International intrigue and espionage mix with old Bolshevik secrets in this thriller by Bill Vidal. British professor Jack Hadley is gathering data for a biography on the notorious Mexican Communist Jesús Florin, called “the Aztec,” the former comrade of Che Guevara, Fidel Castro and Nikita Khrushchev. Florin has spent a lifetime igniting revolutions all over South America and Africa, making friends and enemies along the way. Hadley and wild child girlfriend Mercedes are duped by the Spanish secret service into helping to discover what became of the gold which the Spanish Communists sent to the Soviet Union in 1936, some of which became lost.
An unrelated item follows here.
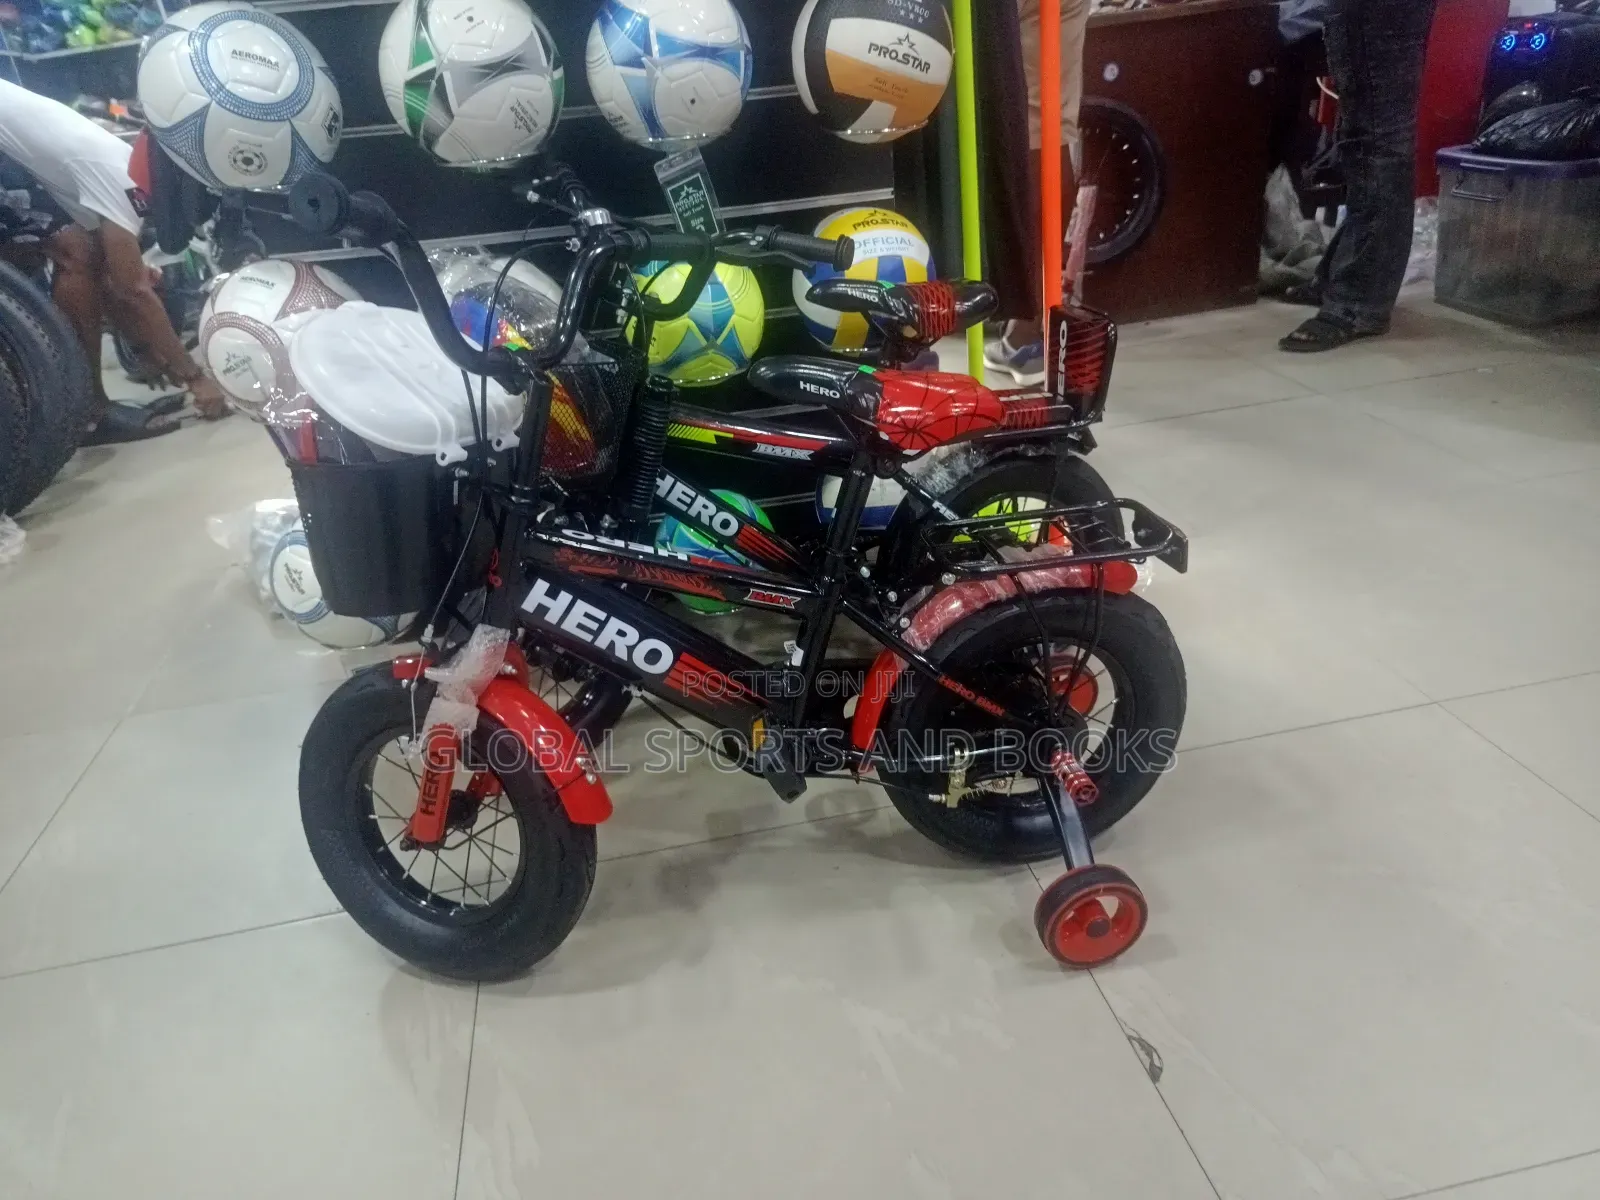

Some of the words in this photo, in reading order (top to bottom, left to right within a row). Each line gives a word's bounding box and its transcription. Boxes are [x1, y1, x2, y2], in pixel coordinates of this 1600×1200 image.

The missing gold is comprised of rare coins, at least $200 million worth, and Florin is the only one left alive who might know where it is hidden. As Hadley travels from Spain to Cuba to the Balkans to Africa in search not only of the treasure but trying to unravel the mysteries of Florin’s life, the Aztec has a score of his own to settle. The novel has frequent flashbacks in the first few chapters which make the chronology difficult to follow at times. However, the vivid descriptions of the various cities where the protagonists find themselves are fascinating, especially the mouth-watering depictions of Spanish restaurants. For those interested in the Cold War period, The Aztec  gives a view of what was happening outside of Europe and the Soviet Union, as country after country became Marxist, while others became dominated by Fascist, totalitarian regimes, some of which were supported by the CIA. The human cost of war and revolution is assessed in Vidal’s riveting novel of suspense.